Regelmäßig hat die Linksfraktion im Bundestag angefragt, wie viele rechtsextreme Konzerte es gegeben hat und wo diese stattgefunden haben. Hinsichtlich der regionalen Verteilung wollte die Bundesregierung zunächst keine Auskunft geben, da die rechtsextremistische Szene daraus „Rückschlüsse auf den Erkenntnisstand der Sicherheitsbehörden ziehen könnte“. Auf Nachfrage konnte sich die Regierung dann aber doch dazu durchringen, für 2006 die Verteilung auf Länderebene preiszugeben. Denn in den einzelnen Länder-Verfassungsschutzberichten lassen sich diese Angaben sowieso nachlesen. Allerdings stimmen die Angaben der Bundesregierung nicht mit denen aus den Ländern überein.
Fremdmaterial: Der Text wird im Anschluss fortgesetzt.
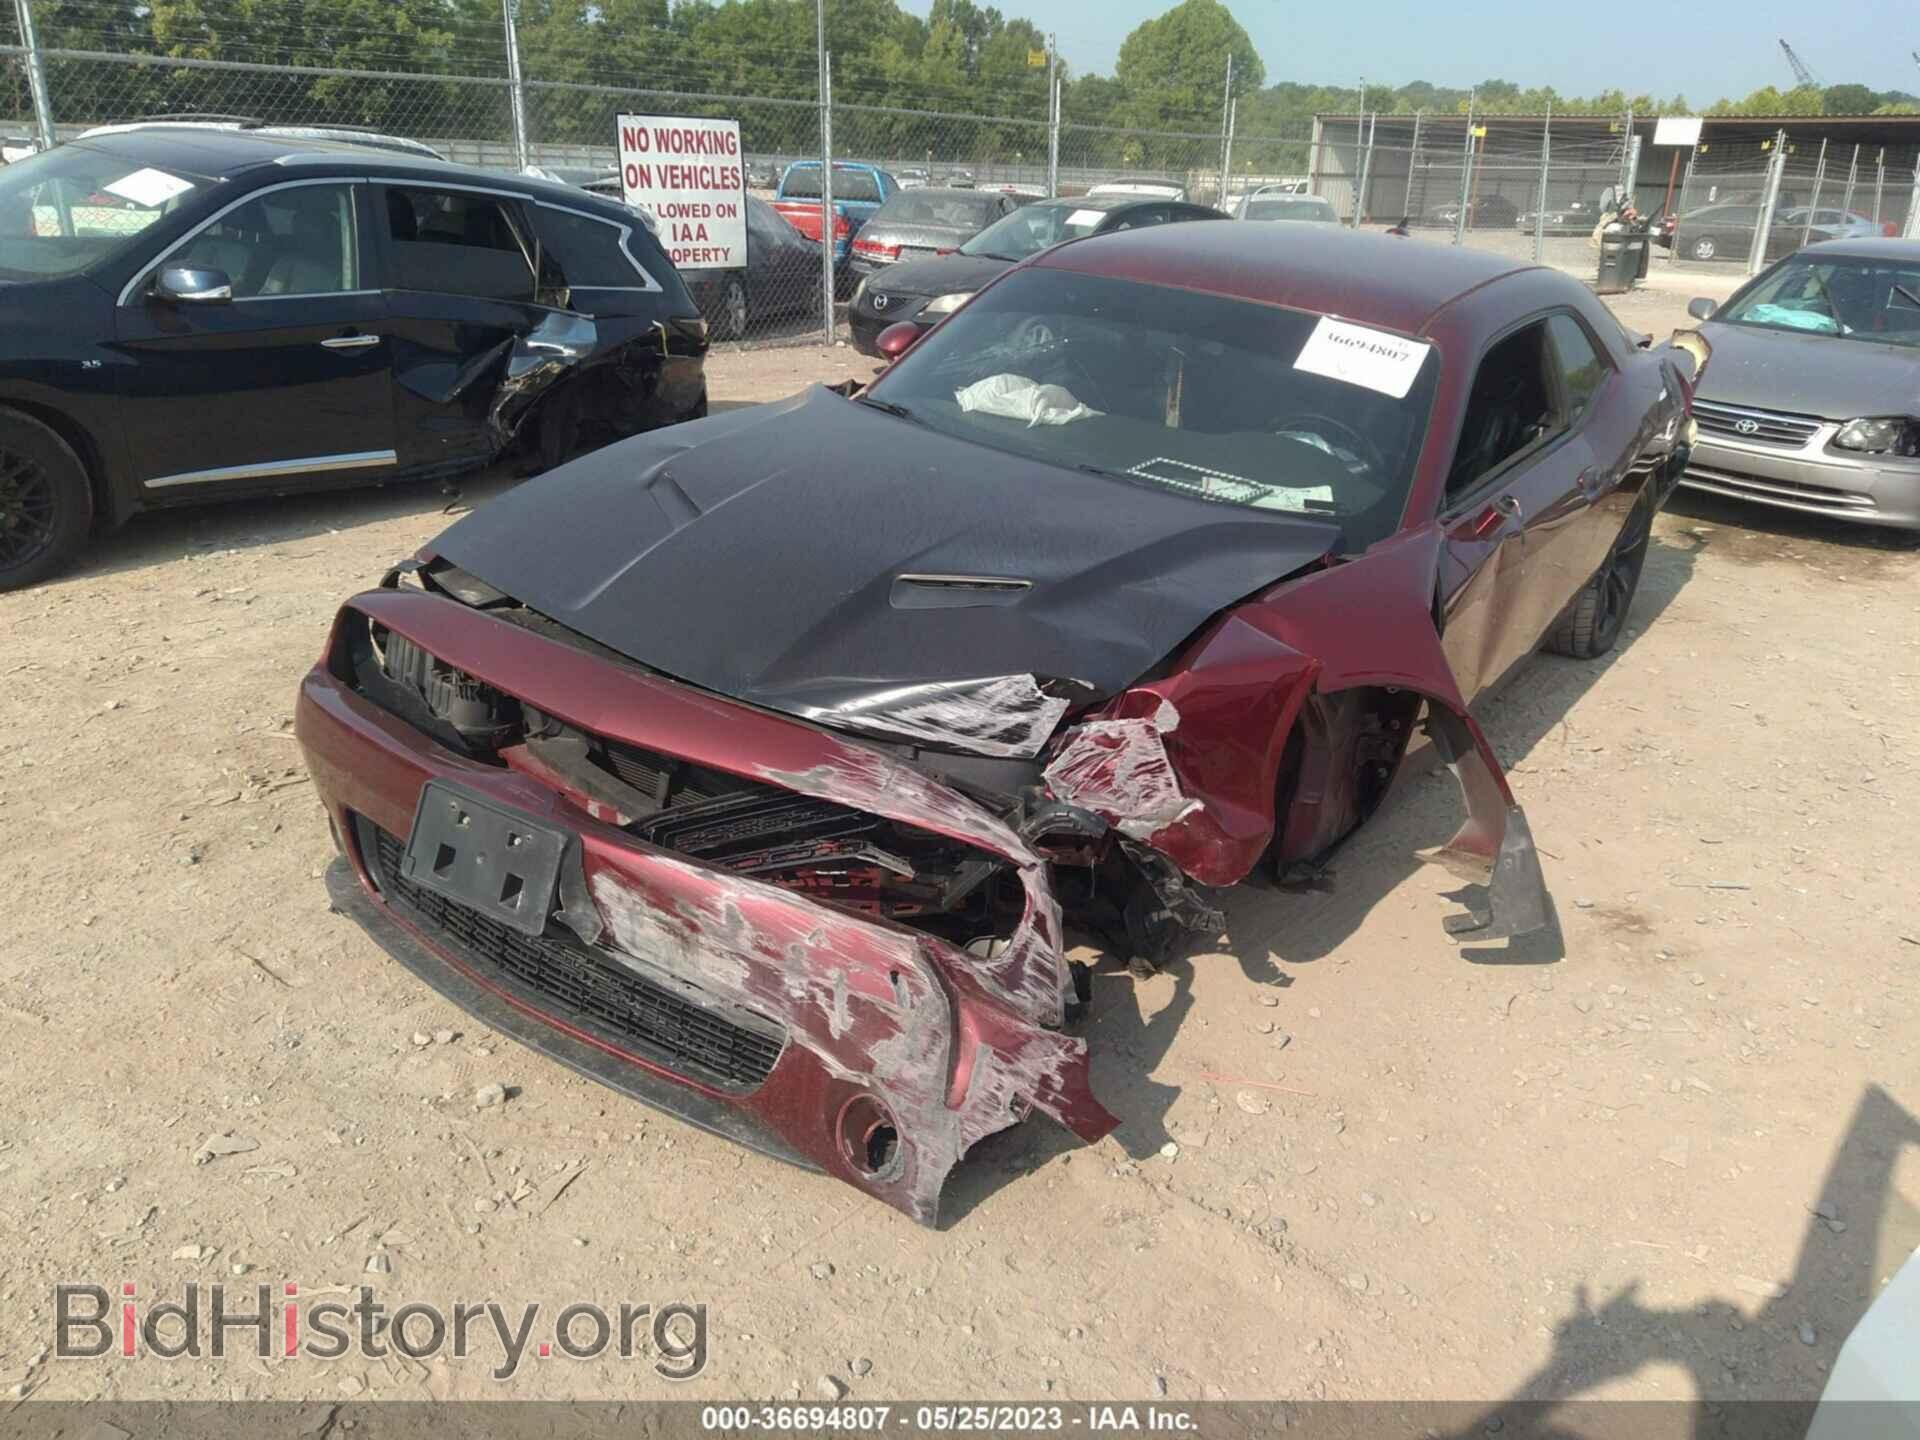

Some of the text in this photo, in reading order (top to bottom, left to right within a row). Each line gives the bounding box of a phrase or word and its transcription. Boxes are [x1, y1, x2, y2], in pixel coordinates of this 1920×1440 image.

[623, 127, 737, 155] NO WORKING
[625, 164, 741, 190] ON VEHICLES
[639, 203, 737, 218] LOWED ON
[672, 223, 709, 242] IAA
[664, 247, 730, 263] OPERTY
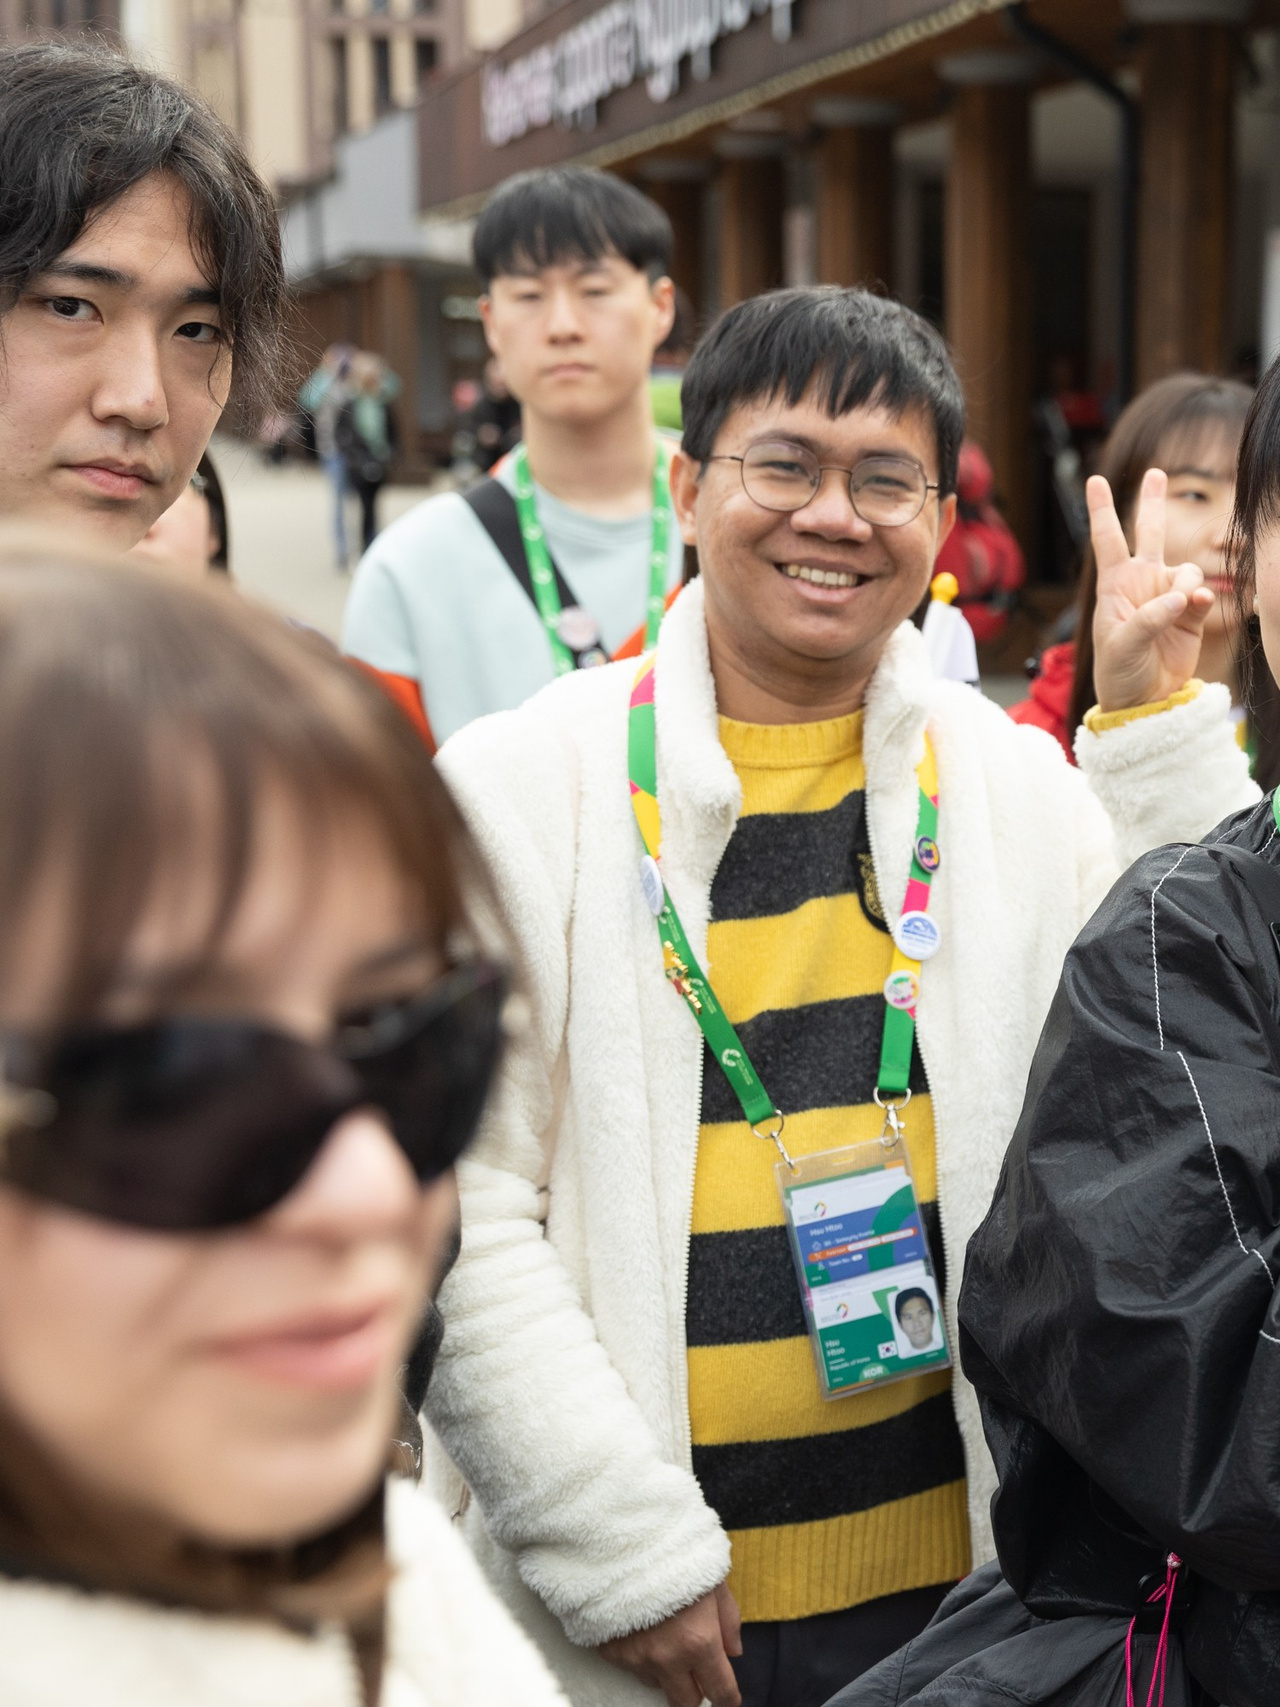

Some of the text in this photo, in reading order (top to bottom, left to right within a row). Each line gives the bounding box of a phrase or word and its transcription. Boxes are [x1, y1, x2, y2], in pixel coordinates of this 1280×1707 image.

Einige Beispiele.

Für Mecklenburg-Vorpommern gibt die Regierung sieben rechtsextreme Musikveranstaltungen an, laut Verfassungsschutzbericht aus MVP waren es aber 18 (davon zwölf Skinkonzerte, fünf Partys und darüber hinaus ein Auftritt eines rechtsextremistischen Liedermachers anlässlich der NPD-Demonstration am 1. Mai 2006 in Rostock.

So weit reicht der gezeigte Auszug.